Organic electronic devices like light emitting diodes or photovoltaic cells comprise multiple thin layers of organic molecules or polymers with interfaces that facilitate different functionalities such as charge injection, transport, or charge separation/recombination. It then comes as no surprise that interface properties have been the subject of extensive research, with the alignment of energy levels at all-organic and organic-inorganic interfaces being the most prominent topic. In recent years we have developed a model for the formation of interface potential steps based upon electron transfer across interfaces between donors and acceptors and global charge equilibration across a multilayer. The model explains hitherto puzzling observations, such as why a potential step at a particular organic-organic interface sometimes seem to depend on the order of the individual layers in the multilayer, or why it depends on the substrate on which the multilayer is deposited.
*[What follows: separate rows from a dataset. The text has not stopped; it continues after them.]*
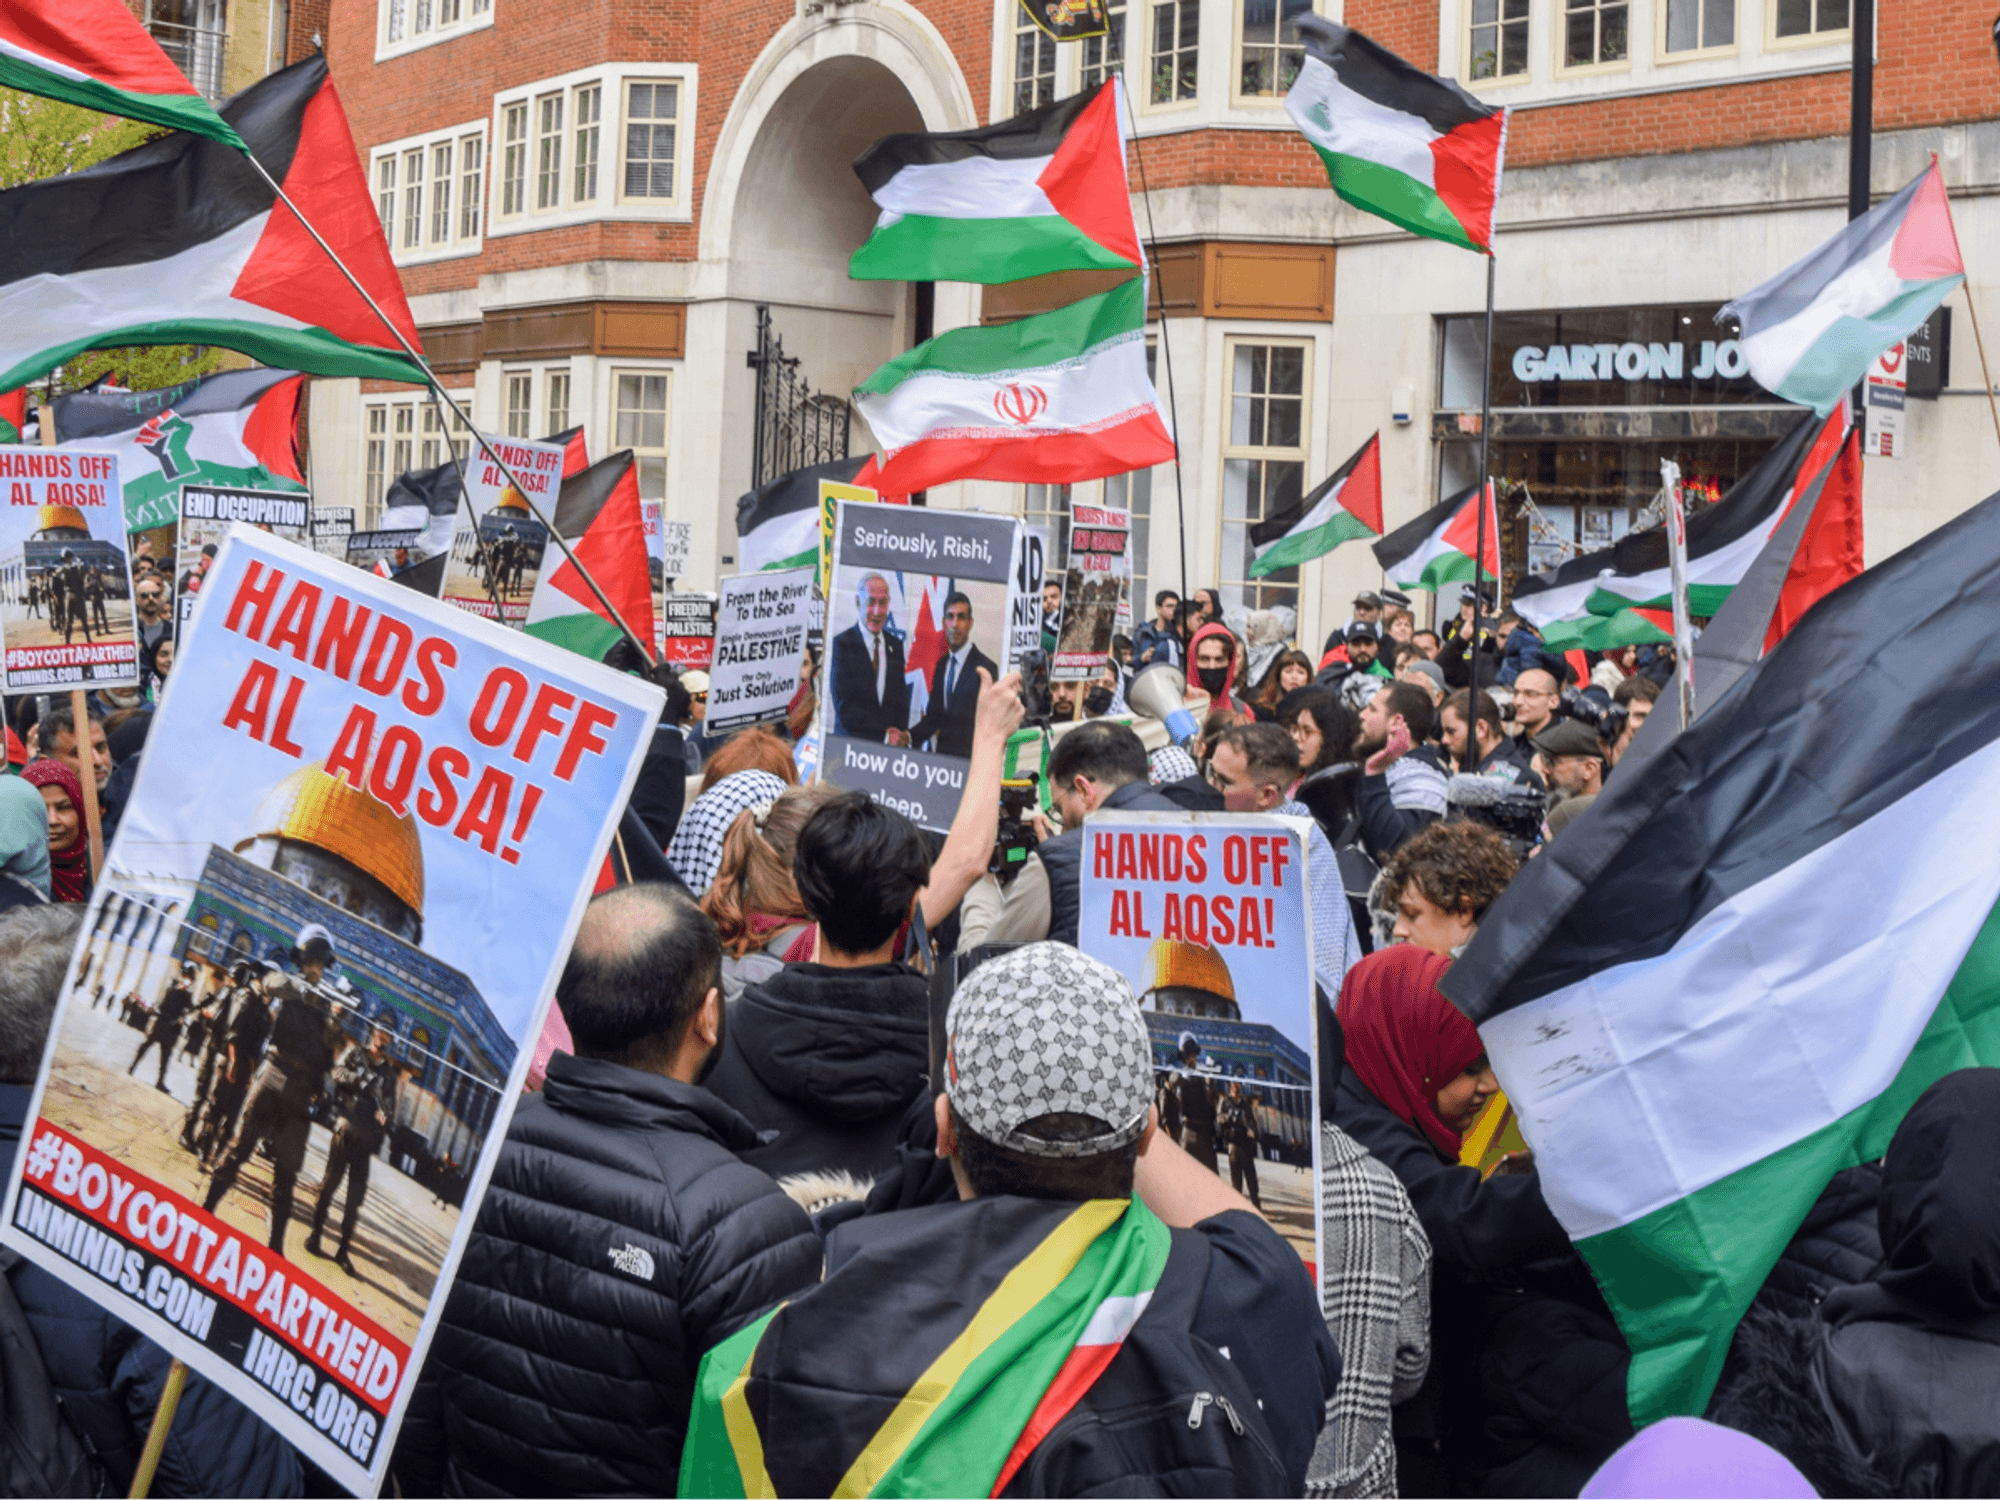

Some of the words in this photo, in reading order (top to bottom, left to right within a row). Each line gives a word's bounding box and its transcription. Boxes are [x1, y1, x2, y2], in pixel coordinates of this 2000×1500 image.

[1512, 341, 1684, 383] GARTON
[1691, 339, 1751, 379] JO
[1907, 344, 1932, 364] ENTS
[0, 454, 72, 479] HANDS
[78, 456, 112, 480] OFF
[481, 465, 502, 488] AL
[535, 451, 559, 472] OFF
[10, 482, 39, 507] AL
[46, 482, 107, 508] AQSA!
[185, 491, 216, 518] END
[216, 494, 306, 525] OCCUPATION
[853, 525, 938, 560] Seriously,
[942, 534, 993, 565] Rishi,
[1017, 535, 1043, 594] ND
[668, 601, 712, 617] FREEDOM
[725, 593, 756, 608] From
[758, 586, 779, 603] the
[781, 583, 808, 601] River
[737, 606, 749, 621] To
[753, 604, 773, 620] the
[776, 602, 796, 617] Sea
[1013, 596, 1041, 627] NIST
[666, 621, 714, 637] PALESTINE
[7, 644, 136, 668] #BOYCOTTAPARTHEID
[717, 634, 801, 666] PALESTINE
[223, 558, 459, 718] HANDS
[468, 665, 619, 783] OFF
[713, 685, 741, 705] Just
[745, 677, 795, 699] Solution
[222, 656, 306, 761] AL
[323, 706, 546, 868] AQSA!
[844, 744, 889, 774] how
[891, 753, 920, 780] do
[924, 764, 964, 790] you
[1093, 831, 1208, 884] HANDS
[1222, 834, 1290, 888] OFF
[1108, 889, 1152, 939] AL
[1163, 892, 1276, 949] AQSA!
[25, 1129, 400, 1402] #BOYCOTTAPARTHEID
[14, 1187, 218, 1342] INMINDS.COM
[242, 1328, 377, 1463] IHRC.ORG
The parameters in the model are obtained from first-principles calculations and the calculated potential profiles are in quantitative agreement with the results obtained from photo-electron spectroscopy. At metal-organic interfaces, two regimes can generally be distinguished. In the absence of electron transfer across the interface, the vacuum levels line up which yields the Schottky-Mott limit. If electron transfer occurs, the Fermi level is pinned by the organic layer at energy levels for holes or electrons that are characteristic of the particular organic material. Computational modeling provides a microscopic understanding of these regimes. For instance, ordering of molecules and their corresponding dipoles at the interface gives a displacement with respect to the Schottky-Mott limit.
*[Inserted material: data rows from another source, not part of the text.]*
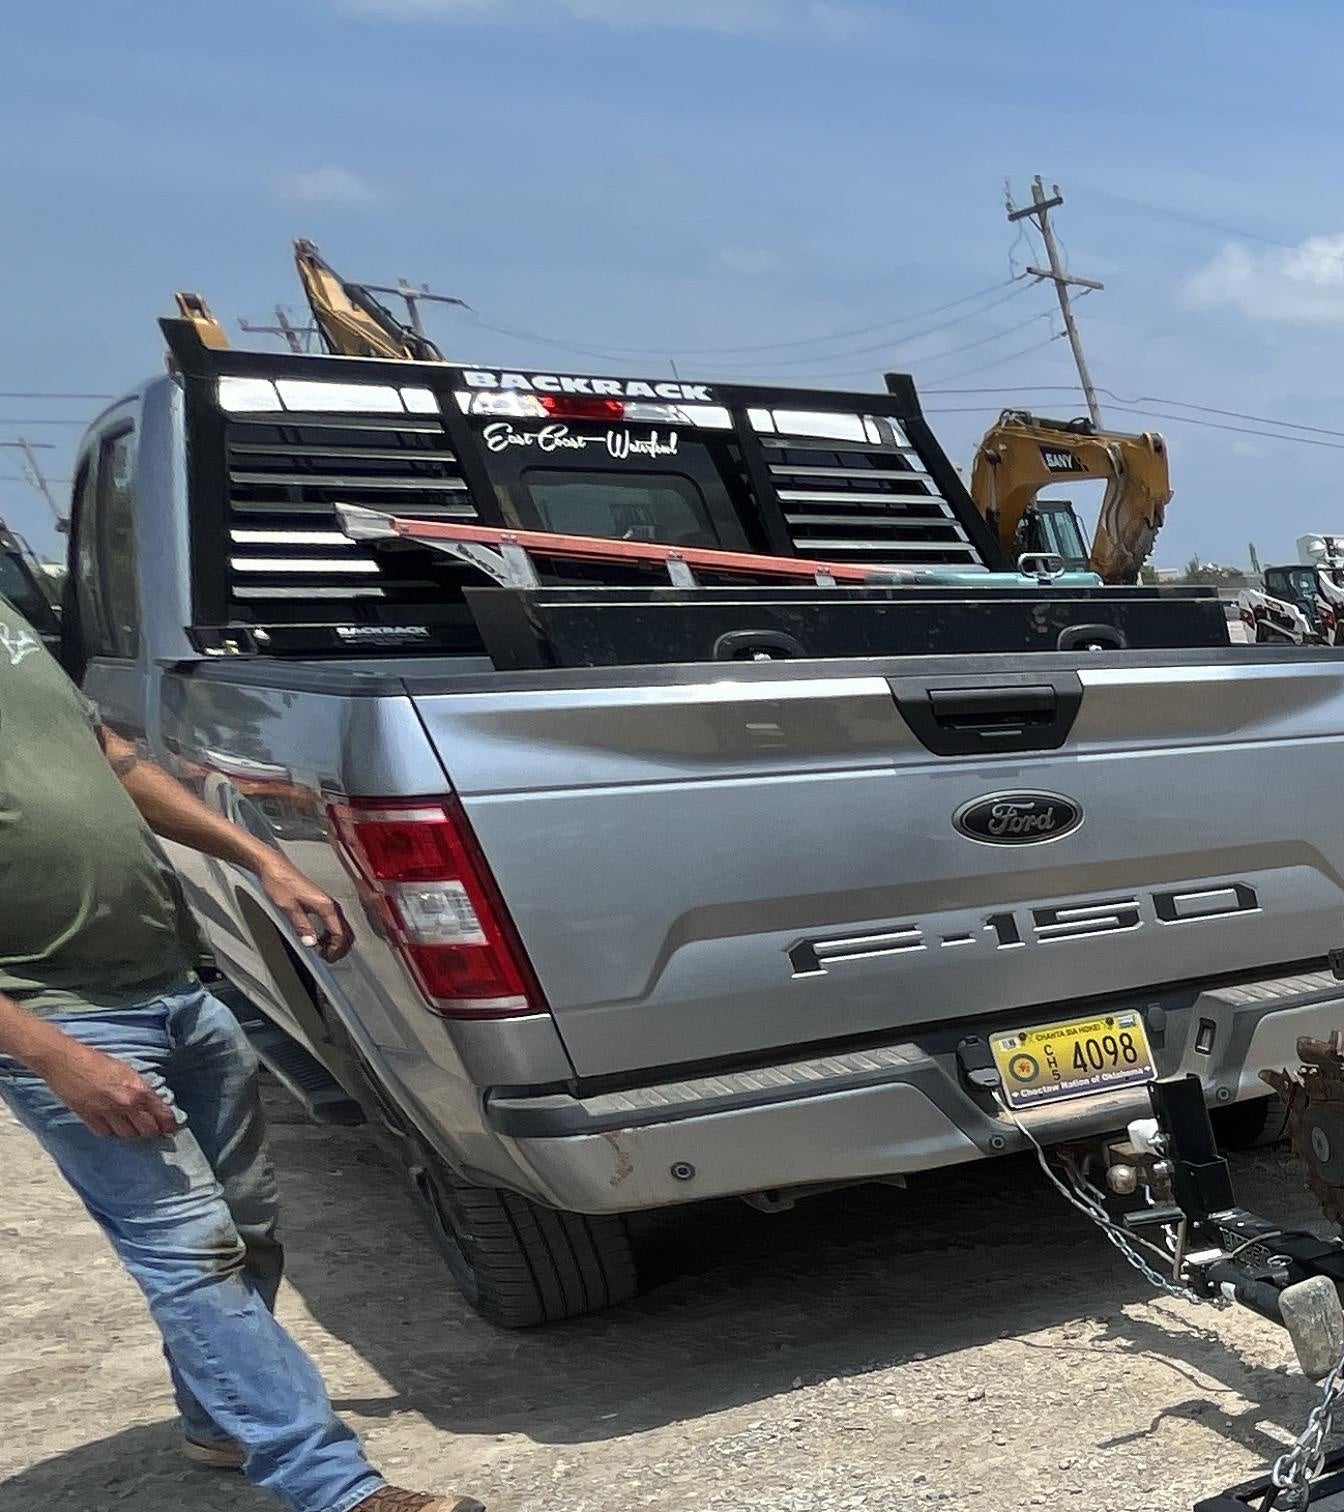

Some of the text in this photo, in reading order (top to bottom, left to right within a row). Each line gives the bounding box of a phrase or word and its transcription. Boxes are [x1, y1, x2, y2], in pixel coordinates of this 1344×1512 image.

[462, 370, 711, 401] BACKRACK
[483, 423, 537, 452] East
[537, 424, 588, 452] Coast
[1045, 453, 1073, 469] SANY
[987, 801, 1056, 835] Ford
[786, 881, 1263, 979] F-150
[1073, 1033, 1138, 1072] 4098
[1020, 1068, 1144, 1098] Choctaw Nation of Oklahoma
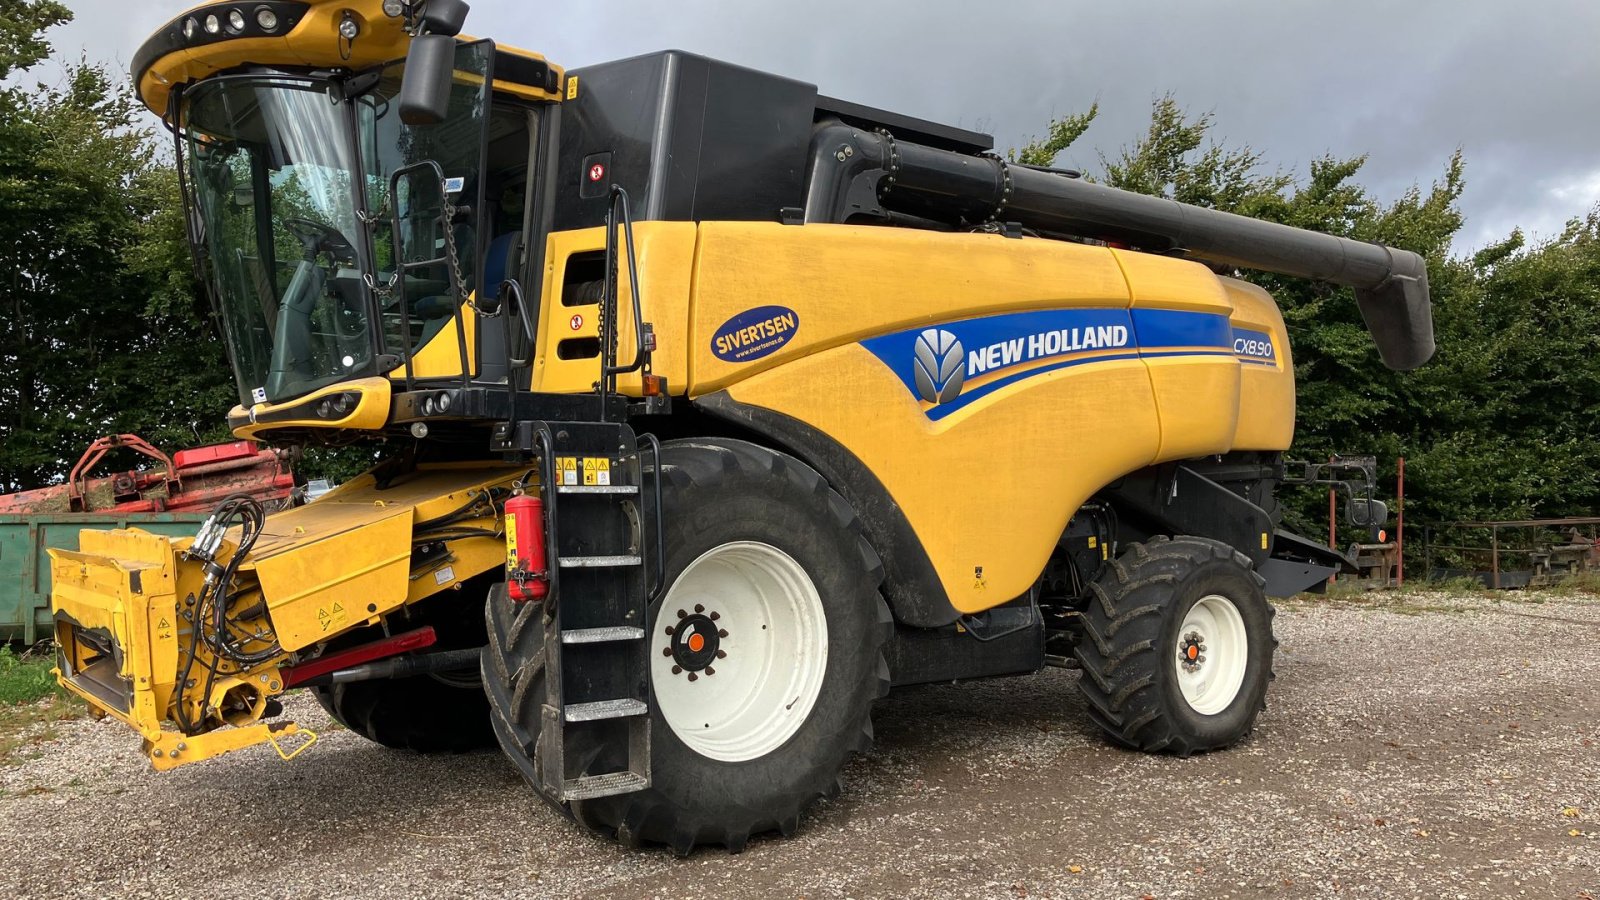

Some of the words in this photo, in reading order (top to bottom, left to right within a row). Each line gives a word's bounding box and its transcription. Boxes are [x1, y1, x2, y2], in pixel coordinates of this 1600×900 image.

[716, 312, 795, 354] SIVERTSEN
[968, 338, 1024, 376] NEW
[1028, 325, 1128, 358] HOLLAND
[1234, 338, 1272, 357] CX8.90
Linda Lindell, Deniz Çakır, Geert Brocks, Mats Fahman, Slawomir Braun, Role of intrinsic molecular dipole in energy level alignment at organic interfaces, Applied Physics Letters 102, 223301 (2013).
Figure 1. (a) Work function ORG|SUB of NTCDA (yellow) and Alq3 (bluegreen) layers as a function of the work function of the substrate SUB. The pinning levels for electrons in NTCDA (EICT) and for holes in Alq3 (EICT+) are indicated. The dashed line gives the Schottky-Mott limit of vacuum level alignment. The displacement of the Alq3 line with respect to this limit is interpreted in terms of an ordering of Alq3 molecules at the interface, leading to a dipole layer and a potential step, as shown schematically in (b).